Eike der Produktionsleiter rief mich wegen eines Films an, endlich mal was Gutes. Regie Wolfgang Staudte, jawohl der Berühmte. Darsteller Klaus Maria Brandauer, Heinz Bennent, Anne Bennent, Nicole Heesters, Kamera machte Lajos Koltai der auch schon Mephisto gedreht hatte. Na das war doch was. Der Snob ( von Carl Sternheim ), hieß der Film
Koltai war ein Superprofi, ein ganz ruhiger besonnener Kameramann, wahnsinnig nett, wir kamen prima miteinander aus.
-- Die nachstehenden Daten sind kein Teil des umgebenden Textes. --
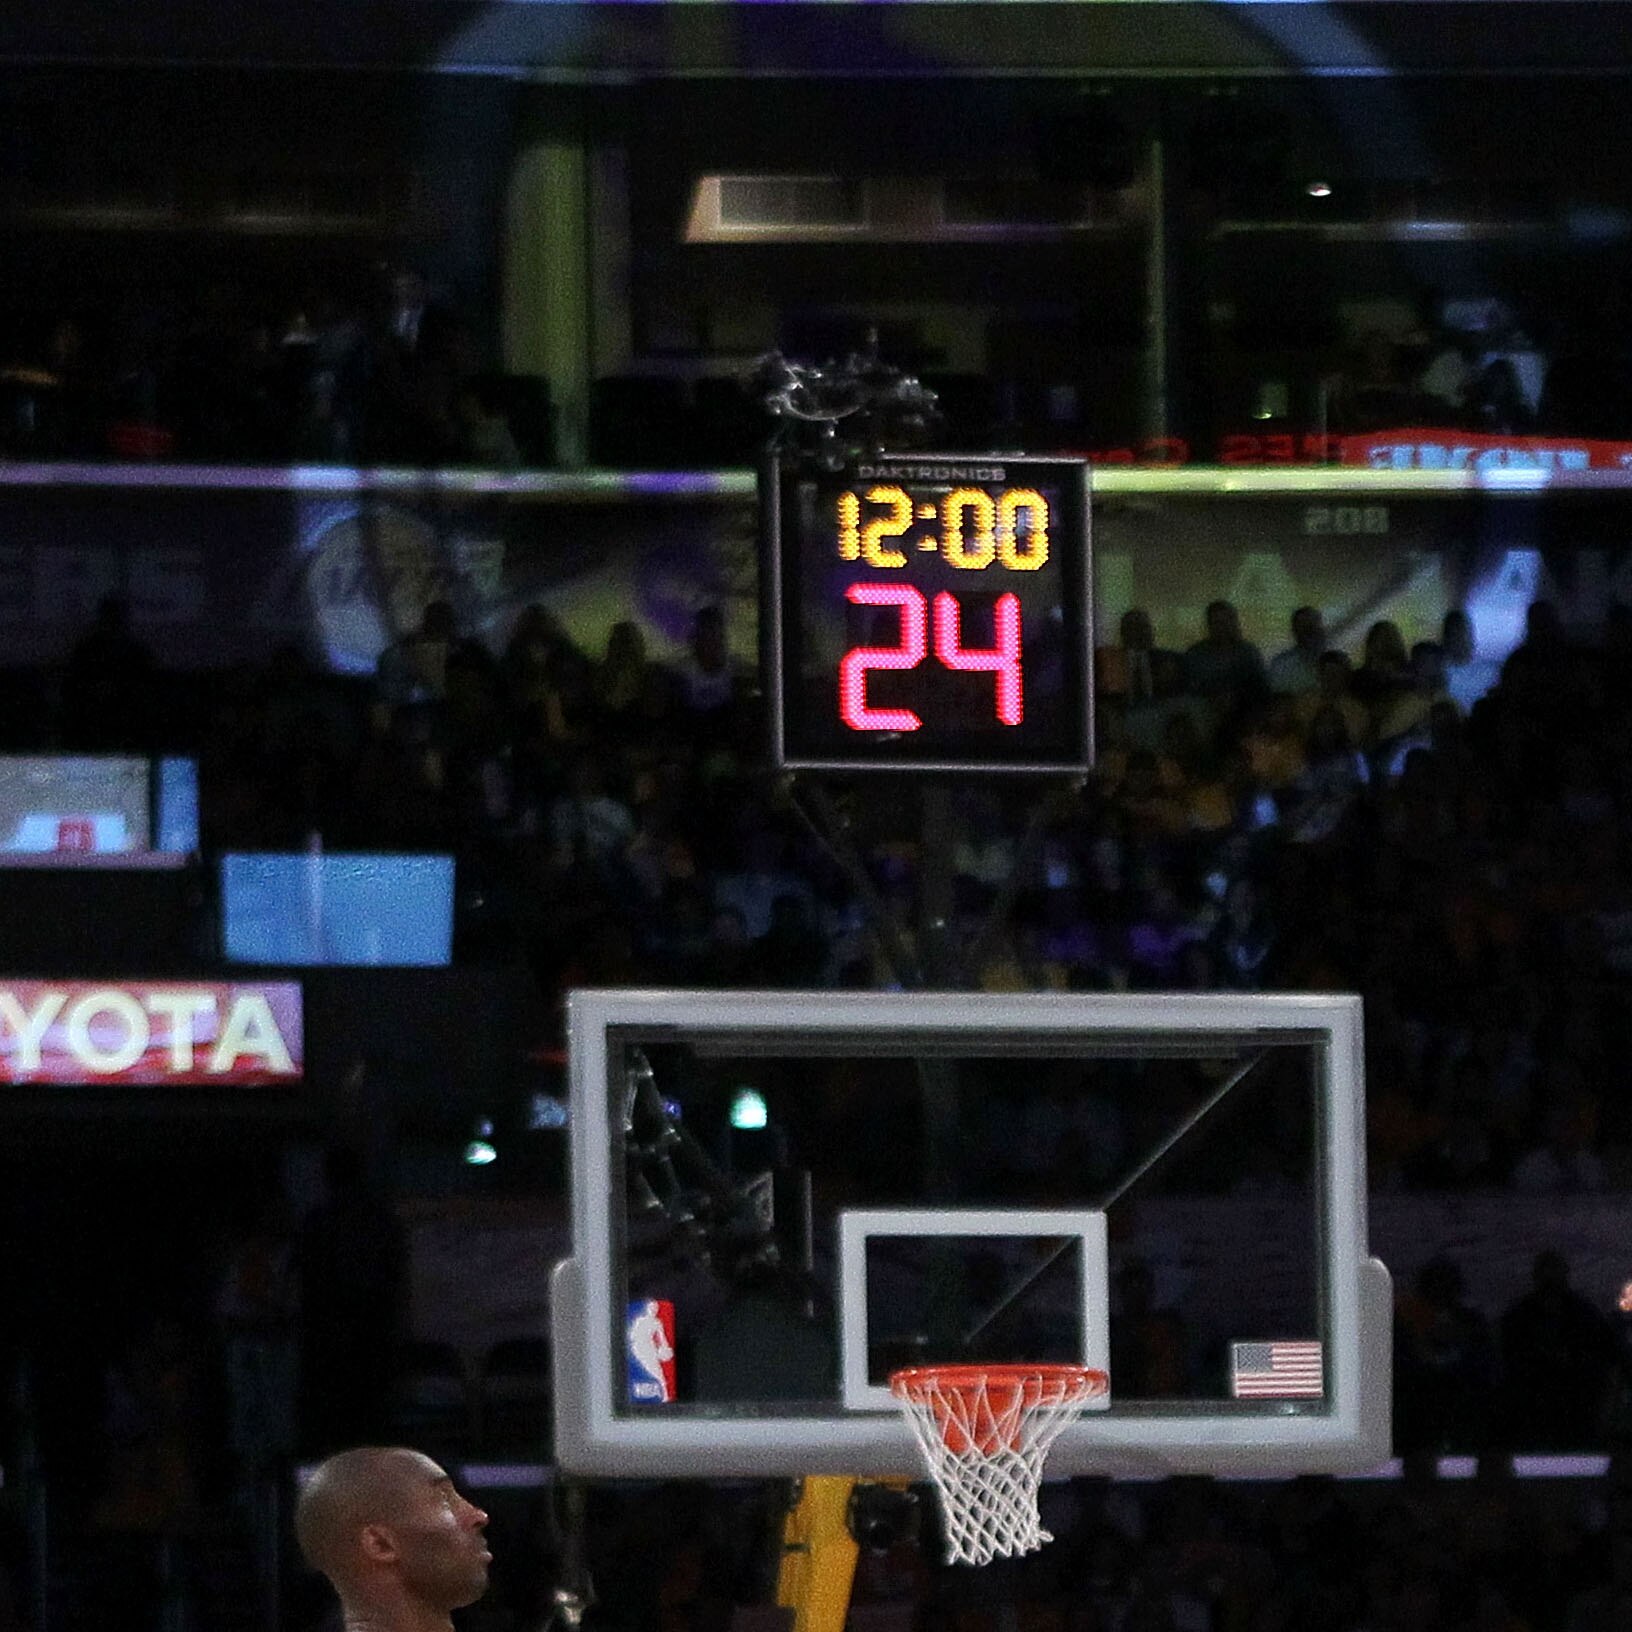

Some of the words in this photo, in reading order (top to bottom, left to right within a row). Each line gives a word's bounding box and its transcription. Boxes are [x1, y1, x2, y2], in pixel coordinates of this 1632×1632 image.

[856, 464, 1008, 482] DAKTRONICS
[837, 482, 1051, 573] 12:00
[838, 582, 1025, 733] 24
[0, 989, 297, 1076] YOTA
Ich war sofort Staudtes Liebling, übrigens ein wirklich guter Regisseur. Staudte drückte mir 5 Packungen Reval in die Hand, sagte mir er finde seine Zigaretten nie, ich solle sie im Motiv verteilen. Immer wenn er eine rauchen wollte, sagte er, der Kamera-Assistent ( ich also ) muß dringend eine rauchen, unterbrach, kam zu mir gestürzt und fragte nach seinen Kippen. Dann rauchten wir eine und dann gings weiter.
Brandauer war sehr nett und kollegial, versuchte ständig das Team aufzuheitern. Es war angenehm mit ihm zu arbeiten. Die Bennents waren sehr zurückhaltend, nicht unfreundlich aber irgendwie nicht von dieser Welt. Ich stellte mir immer deren Situation zu Hause vor, an einem großen Tisch sitzend und sich abwechselnd gegenseitig mit literarischen Zitaten bombardierend - eine fremde total vergeistigte Welt. Bennent war einer meiner Lieblingsschauspieler.
Nicole Heesters war eine Seele von Mensch, immer freundlich und guter Laune. Brandauer und Bennent waren nun ja beide Topschauspieler und natürlich wollte jeder dem anderen zeigen wie gut er ist und auch beweisen, das er besser als der andere war. Das konnte natürlich nicht offen geschehen, deshalb kann ich mich auch täuschen in dem was ich glaubte zu erkennen.
Beide bemühte sich sehr um die Sympathie des Teams, das war für Brandauer als Kumpeltyp natürlich einfacher als für Bennent, der eher ein weltfremder, abgehobener Intellektueller war.
An eine Szene dieses Kampfes der beiden Schauspielgiganten kann ich mich noch gut erinnern. Bennent war ein militanter Nichtraucher im wahren Leben. In einer Szene mußte er Brandauer eine Zigarre anbieten und anzünden. Brandauer war im Film ein Aufsteiger, der um die Hand seiner Tochter bat. Brandauer ging zu Staudte und sagte er habe eine gute Idee: da er als Aufsteiger natürlich nervös sei auf den Schwiegervater zu treffen, mache er natürlich viel falsch. Also ließ er sich die Zigarre von Bennent anzünden und blies ihm den Rauch quer übers Gesicht, sodaß sogar Bennents Haartolle sich etwas hob. Staudte fand das gut und selbst Bennent sagte das sei eine fantastische Idee. Ich glaubte ihm ansehen zu können, daß er Brandauer am liebsten erwürgt hätte. Nun kam Bennents Rache. Da Brandauer tief an der Zigarre ziehen mußte, war das natürlich nicht sehr angenehm für ihn, Zigarrenraucher machen das nicht. Also patzte der sonst so perfekte Bennent mehrmals hintereinander, bis man Brandauer ansah, daß ihm schon richtig schlecht war. Das ganze passierte aber mit aller Freundlichkeit, dieser Kampf der beiden war nur ganz unterschwellig zu bemerken.
Jedenfalls war es eine Freude diesen beiden hervorragenden Schauspielern bei Ihrer Arbeit zuzusehen, ich habe viel dabei gelernt.
Nächstes Mal kommt vielleicht Korruption, wenn ich nicht viel Zeit zum Schreiben habe was anderes.